Exercise: Exact output of all the records is required.

Entries taken from a collection:
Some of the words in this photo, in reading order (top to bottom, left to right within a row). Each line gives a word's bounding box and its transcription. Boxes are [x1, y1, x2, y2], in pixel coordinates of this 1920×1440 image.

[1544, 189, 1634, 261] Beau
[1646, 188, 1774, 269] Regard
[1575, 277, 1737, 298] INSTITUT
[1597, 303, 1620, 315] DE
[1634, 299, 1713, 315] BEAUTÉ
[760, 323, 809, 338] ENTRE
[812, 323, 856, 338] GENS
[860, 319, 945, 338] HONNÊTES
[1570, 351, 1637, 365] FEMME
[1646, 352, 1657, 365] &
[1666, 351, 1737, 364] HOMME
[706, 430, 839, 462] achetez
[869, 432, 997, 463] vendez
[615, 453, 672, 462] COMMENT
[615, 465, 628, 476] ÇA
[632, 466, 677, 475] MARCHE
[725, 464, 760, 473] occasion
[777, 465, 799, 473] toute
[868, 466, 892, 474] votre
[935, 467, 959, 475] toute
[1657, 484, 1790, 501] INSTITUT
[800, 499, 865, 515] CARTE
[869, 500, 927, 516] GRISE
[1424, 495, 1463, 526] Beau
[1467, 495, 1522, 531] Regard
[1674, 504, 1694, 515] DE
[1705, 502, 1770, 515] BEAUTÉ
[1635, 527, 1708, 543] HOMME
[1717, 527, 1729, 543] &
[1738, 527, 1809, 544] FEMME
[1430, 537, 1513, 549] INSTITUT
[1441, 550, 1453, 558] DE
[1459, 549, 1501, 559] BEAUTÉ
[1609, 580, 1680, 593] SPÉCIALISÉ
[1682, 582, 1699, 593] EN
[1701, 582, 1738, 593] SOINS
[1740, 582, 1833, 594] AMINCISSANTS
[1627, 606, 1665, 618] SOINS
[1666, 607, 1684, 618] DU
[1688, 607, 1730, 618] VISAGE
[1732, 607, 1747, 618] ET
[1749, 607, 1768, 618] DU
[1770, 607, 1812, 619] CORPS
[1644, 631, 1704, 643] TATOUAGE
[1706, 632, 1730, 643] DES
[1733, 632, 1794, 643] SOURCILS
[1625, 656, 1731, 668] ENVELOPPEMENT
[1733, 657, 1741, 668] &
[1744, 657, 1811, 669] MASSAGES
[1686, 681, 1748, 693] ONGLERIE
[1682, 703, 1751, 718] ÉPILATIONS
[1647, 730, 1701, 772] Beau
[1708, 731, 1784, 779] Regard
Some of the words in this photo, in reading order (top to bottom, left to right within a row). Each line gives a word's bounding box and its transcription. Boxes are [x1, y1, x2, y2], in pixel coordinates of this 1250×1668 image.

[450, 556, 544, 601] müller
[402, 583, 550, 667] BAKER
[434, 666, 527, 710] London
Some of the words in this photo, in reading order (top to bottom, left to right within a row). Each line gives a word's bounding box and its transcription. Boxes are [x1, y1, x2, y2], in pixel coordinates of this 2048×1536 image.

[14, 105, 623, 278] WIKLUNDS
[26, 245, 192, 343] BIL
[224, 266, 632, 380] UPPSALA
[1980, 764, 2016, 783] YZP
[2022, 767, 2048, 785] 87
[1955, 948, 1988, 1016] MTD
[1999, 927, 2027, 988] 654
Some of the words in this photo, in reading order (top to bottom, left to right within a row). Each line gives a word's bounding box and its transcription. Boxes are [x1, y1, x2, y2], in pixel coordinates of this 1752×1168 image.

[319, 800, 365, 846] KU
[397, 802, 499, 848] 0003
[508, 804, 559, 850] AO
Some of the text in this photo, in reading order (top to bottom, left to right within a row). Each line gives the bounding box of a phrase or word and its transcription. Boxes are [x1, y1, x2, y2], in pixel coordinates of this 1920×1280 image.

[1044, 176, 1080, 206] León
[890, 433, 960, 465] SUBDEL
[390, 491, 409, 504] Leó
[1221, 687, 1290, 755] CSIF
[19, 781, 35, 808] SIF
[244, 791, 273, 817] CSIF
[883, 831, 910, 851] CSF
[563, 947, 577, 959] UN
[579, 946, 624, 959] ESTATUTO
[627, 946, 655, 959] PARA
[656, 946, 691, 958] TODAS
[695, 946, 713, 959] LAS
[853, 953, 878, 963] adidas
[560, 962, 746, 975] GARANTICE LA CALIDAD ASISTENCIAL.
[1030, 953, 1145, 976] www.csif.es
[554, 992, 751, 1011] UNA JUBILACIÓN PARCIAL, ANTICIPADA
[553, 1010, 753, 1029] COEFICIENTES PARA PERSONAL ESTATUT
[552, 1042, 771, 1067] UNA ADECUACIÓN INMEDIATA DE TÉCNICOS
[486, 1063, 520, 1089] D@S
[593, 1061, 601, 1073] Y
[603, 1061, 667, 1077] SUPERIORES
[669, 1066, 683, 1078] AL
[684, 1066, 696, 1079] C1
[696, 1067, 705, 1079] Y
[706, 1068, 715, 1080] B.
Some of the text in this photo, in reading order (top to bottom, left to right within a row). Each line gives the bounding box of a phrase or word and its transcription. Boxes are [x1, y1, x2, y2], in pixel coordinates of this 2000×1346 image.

Answer box:
Some of the words in this photo, in reading order (top to bottom, left to right within a row). Each line gives a word's bounding box and its transcription. Boxes are [x1, y1, x2, y2], in pixel coordinates of this 1920×1440 image.

[1544, 189, 1634, 261] Beau
[1646, 188, 1774, 269] Regard
[1575, 277, 1737, 298] INSTITUT
[1597, 303, 1620, 315] DE
[1634, 299, 1713, 315] BEAUTÉ
[760, 323, 809, 338] ENTRE
[812, 323, 856, 338] GENS
[860, 319, 945, 338] HONNÊTES
[1570, 351, 1637, 365] FEMME
[1646, 352, 1657, 365] &
[1666, 351, 1737, 364] HOMME
[706, 430, 839, 462] achetez
[869, 432, 997, 463] vendez
[615, 453, 672, 462] COMMENT
[615, 465, 628, 476] ÇA
[632, 466, 677, 475] MARCHE
[725, 464, 760, 473] occasion
[777, 465, 799, 473] toute
[868, 466, 892, 474] votre
[935, 467, 959, 475] toute
[1657, 484, 1790, 501] INSTITUT
[800, 499, 865, 515] CARTE
[869, 500, 927, 516] GRISE
[1424, 495, 1463, 526] Beau
[1467, 495, 1522, 531] Regard
[1674, 504, 1694, 515] DE
[1705, 502, 1770, 515] BEAUTÉ
[1635, 527, 1708, 543] HOMME
[1717, 527, 1729, 543] &
[1738, 527, 1809, 544] FEMME
[1430, 537, 1513, 549] INSTITUT
[1441, 550, 1453, 558] DE
[1459, 549, 1501, 559] BEAUTÉ
[1609, 580, 1680, 593] SPÉCIALISÉ
[1682, 582, 1699, 593] EN
[1701, 582, 1738, 593] SOINS
[1740, 582, 1833, 594] AMINCISSANTS
[1627, 606, 1665, 618] SOINS
[1666, 607, 1684, 618] DU
[1688, 607, 1730, 618] VISAGE
[1732, 607, 1747, 618] ET
[1749, 607, 1768, 618] DU
[1770, 607, 1812, 619] CORPS
[1644, 631, 1704, 643] TATOUAGE
[1706, 632, 1730, 643] DES
[1733, 632, 1794, 643] SOURCILS
[1625, 656, 1731, 668] ENVELOPPEMENT
[1733, 657, 1741, 668] &
[1744, 657, 1811, 669] MASSAGES
[1686, 681, 1748, 693] ONGLERIE
[1682, 703, 1751, 718] ÉPILATIONS
[1647, 730, 1701, 772] Beau
[1708, 731, 1784, 779] Regard
Some of the words in this photo, in reading order (top to bottom, left to right within a row). Each line gives a word's bounding box and its transcription. Boxes are [x1, y1, x2, y2], in pixel coordinates of this 1250×1668 image.

[450, 556, 544, 601] müller
[402, 583, 550, 667] BAKER
[434, 666, 527, 710] London
Some of the words in this photo, in reading order (top to bottom, left to right within a row). Each line gives a word's bounding box and its transcription. Boxes are [x1, y1, x2, y2], in pixel coordinates of this 2048×1536 image.

[14, 105, 623, 278] WIKLUNDS
[26, 245, 192, 343] BIL
[224, 266, 632, 380] UPPSALA
[1980, 764, 2016, 783] YZP
[2022, 767, 2048, 785] 87
[1955, 948, 1988, 1016] MTD
[1999, 927, 2027, 988] 654
Some of the words in this photo, in reading order (top to bottom, left to right within a row). Each line gives a word's bounding box and its transcription. Boxes are [x1, y1, x2, y2], in pixel coordinates of this 1752×1168 image.

[319, 800, 365, 846] KU
[397, 802, 499, 848] 0003
[508, 804, 559, 850] AO
Some of the text in this photo, in reading order (top to bottom, left to right within a row). Each line gives the bounding box of a phrase or word and its transcription. Boxes are [x1, y1, x2, y2], in pixel coordinates of this 1920×1280 image.

[1044, 176, 1080, 206] León
[890, 433, 960, 465] SUBDEL
[390, 491, 409, 504] Leó
[1221, 687, 1290, 755] CSIF
[19, 781, 35, 808] SIF
[244, 791, 273, 817] CSIF
[883, 831, 910, 851] CSF
[563, 947, 577, 959] UN
[579, 946, 624, 959] ESTATUTO
[627, 946, 655, 959] PARA
[656, 946, 691, 958] TODAS
[695, 946, 713, 959] LAS
[853, 953, 878, 963] adidas
[560, 962, 746, 975] GARANTICE LA CALIDAD ASISTENCIAL.
[1030, 953, 1145, 976] www.csif.es
[554, 992, 751, 1011] UNA JUBILACIÓN PARCIAL, ANTICIPADA
[553, 1010, 753, 1029] COEFICIENTES PARA PERSONAL ESTATUT
[552, 1042, 771, 1067] UNA ADECUACIÓN INMEDIATA DE TÉCNICOS
[486, 1063, 520, 1089] D@S
[593, 1061, 601, 1073] Y
[603, 1061, 667, 1077] SUPERIORES
[669, 1066, 683, 1078] AL
[684, 1066, 696, 1079] C1
[696, 1067, 705, 1079] Y
[706, 1068, 715, 1080] B.
Some of the text in this photo, in reading order (top to bottom, left to right within a row). Each line gives the bounding box of a phrase or word and its transcription. Boxes are [x1, y1, x2, y2], in pixel coordinates of this 2000×1346 image.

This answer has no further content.